The event filled: TXXXEvent

The processor: TXXXProc

The standard factory created in TXXXAnalysis keeps all information about the step. The TXXXEvent contains the data members to be filled in TXXXProc from the input event (MBS 10,1). The Clear() method must clear all these members (an array for each crate in the example). The analysis code is in the event processor TXXXProc. Members are histograms, conditions, and parameter pointers used in the event function BuildEvent(). In the constructor of TXXXProc the histograms and conditions are created, and the pointers to the parameter objects (created in TXXXAnalysis) are retrieved. Function BuildEvent ()- called event by event - gets the output event pointer as argument (TXXXEvent). The input event pointer is retrieved from the framework. In the first part, data from the raw input MBS event are copied to the members of output event TXXXEvent. Two sub-events (crate 1,2) are processed. Then the histograms are filled, the 2d one with polygon conditions.

The name of the optional output file is built from the input by

<input>_XXXEvent.root

5.4.3 Parameters

Parameter class TXXXParam

In this class one can store parameters, and use them in all steps. Parameters can be modified from GUI.

Parameter class TXXXControl

This class has one member "fill" which is checked in TXXXProc->Event() to fill histograms or not. The macro
setfill.C(n), n=0,1 can be used in the GUI to switch the filling on or off. It creates macro histofill.C() which is actually used to set filling on or off (in TXXXProc). You can also modify histofill.C by editor before running the analysis.
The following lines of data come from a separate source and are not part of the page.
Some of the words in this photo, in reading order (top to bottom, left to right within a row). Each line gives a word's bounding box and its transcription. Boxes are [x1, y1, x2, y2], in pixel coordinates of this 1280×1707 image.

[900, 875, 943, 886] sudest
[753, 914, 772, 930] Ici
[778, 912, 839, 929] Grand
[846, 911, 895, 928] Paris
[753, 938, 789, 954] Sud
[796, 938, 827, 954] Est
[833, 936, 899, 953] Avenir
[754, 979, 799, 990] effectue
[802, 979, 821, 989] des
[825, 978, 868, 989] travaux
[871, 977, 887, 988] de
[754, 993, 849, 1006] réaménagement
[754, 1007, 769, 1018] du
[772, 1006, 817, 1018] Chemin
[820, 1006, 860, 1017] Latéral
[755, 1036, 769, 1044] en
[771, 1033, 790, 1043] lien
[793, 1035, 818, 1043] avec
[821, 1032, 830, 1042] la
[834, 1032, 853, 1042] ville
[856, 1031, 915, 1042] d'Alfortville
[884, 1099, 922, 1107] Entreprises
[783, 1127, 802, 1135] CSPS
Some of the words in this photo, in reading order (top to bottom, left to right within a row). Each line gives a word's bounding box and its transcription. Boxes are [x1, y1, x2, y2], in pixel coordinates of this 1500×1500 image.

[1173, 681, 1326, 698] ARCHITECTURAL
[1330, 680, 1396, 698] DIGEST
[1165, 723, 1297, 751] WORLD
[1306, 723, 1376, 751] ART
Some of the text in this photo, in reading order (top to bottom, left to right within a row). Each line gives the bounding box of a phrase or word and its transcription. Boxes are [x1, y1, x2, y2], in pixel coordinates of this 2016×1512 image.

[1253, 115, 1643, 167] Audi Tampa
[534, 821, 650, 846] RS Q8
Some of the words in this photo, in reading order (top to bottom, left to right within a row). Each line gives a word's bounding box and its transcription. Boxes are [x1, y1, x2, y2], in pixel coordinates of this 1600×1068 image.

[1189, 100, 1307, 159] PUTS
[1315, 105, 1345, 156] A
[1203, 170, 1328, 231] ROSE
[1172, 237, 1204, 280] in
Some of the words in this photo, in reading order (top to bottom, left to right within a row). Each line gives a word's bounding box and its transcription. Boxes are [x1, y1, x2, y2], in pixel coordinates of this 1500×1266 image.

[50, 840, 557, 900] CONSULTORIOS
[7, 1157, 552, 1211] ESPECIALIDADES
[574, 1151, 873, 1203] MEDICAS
5.4.4 Auto-save file mechanism

See also chapter 6.4.4, page 49. By default auto-save is enabled for batch, disabled with GUI. The name of the file is built from the input by

<input>_AS.root

If it is enabled all objects are saved into this ROOT file at the end of the event loop. At startup the auto-save file is read and all objects are restored from that file. When TXXXAnalysis is created, the auto-save file is not yet loaded. Therefore the objects created here are overwritten by the objects from auto-save file (if any), except histograms. From GUI, objects are loaded from auto-save file when the Submit button is pressed. Note that histograms are not cleared. One can inspect the content of the auto-save file with the Go4 GUI. Note that appropriate user libraries should be loaded into GUI to access data from auto-save file (see chapter 6.2, page 45).

5.4.5 Example log file

All lines with **** are from the example classes.

> MainUserAnalysis –e MBS42 1000

**** Input MBS42 (-e)

output MBS42_XXXEvent.root disabled

process 1000 events

auto save file: MBS42_AS.root

GO4-***> Welcome to Go4 Analysis Framework Release v2.6-0 (build 20600) ! <GO4

GO4-***> Create factory Factory <GO4

**** Analysis: Create MBS event server input MBS42

GO4-***> Analysis: Added analysis step Analysis <GO4

**** Main: starting analysis in batch mode ...

GO4-***> Opening AutoSave file MBS42_AS.root , UPDATE mode <GO4

GO4-***> Analysis LoadObjects: Loading from autosave file MBS42_AS.root <GO4

**** TXXXParam Par1 updated from auto save file

**** TXXXControl Control updated from auto save file

**** TXXXControl: Histogram filling enabled

GO4-***> AutoSave file MBS42_AS.root was closed. <GO4

**** Factory: Create input event for MBS

**** Factory: Create event processor XXXProc

**** TXXXProc: Create instance XXXProc

**** TXXXControl: Histogram filling enabled

**** TXXXProc: Restored histograms from autosave

**** TXXXProc: Restored conditions from autosave

**** TXXXProc: Restored pictures from autosave

**** Factory: Create output event XXXEvent

**** TXXXEvent: Create instance XXXEvent

GO4-***> AnalysisStepManager -- Initializing EventClasses done. <GO4

GO4-***> Analysis BaseClass -- Initializing EventClasses done. <GO4

**** TXXXAnalysis: PreLoop

GO4-***> Analysis Implicit Loop for 1000 cycles is starting... <GO4

First event #: -1926055269

GO4-***> Analysis Implicit Loop has finished after 1000 cycles. <GO4

**** TXXXAnalysis: PostLoop

Last event #: -1926053525 Total events: 1000

**** TXXXAnalysis: Delete instance

GO4-***> Opening AutoSave file MBS42_AS.root , UPDATE mode <GO4

GO4-***> AutoSave file MBS42_AS.root was closed. <GO4

**** TXXXEvent: Delete instance

**** TXXXProc: Delete instance

GO4-***> Analysis Step Manager -- Analysis Steps were closed. <GO4

**** Main: Done!

5.4.6 Adapting the example

Creating a new class

Provide the definition and implementation files (.h and .cxx)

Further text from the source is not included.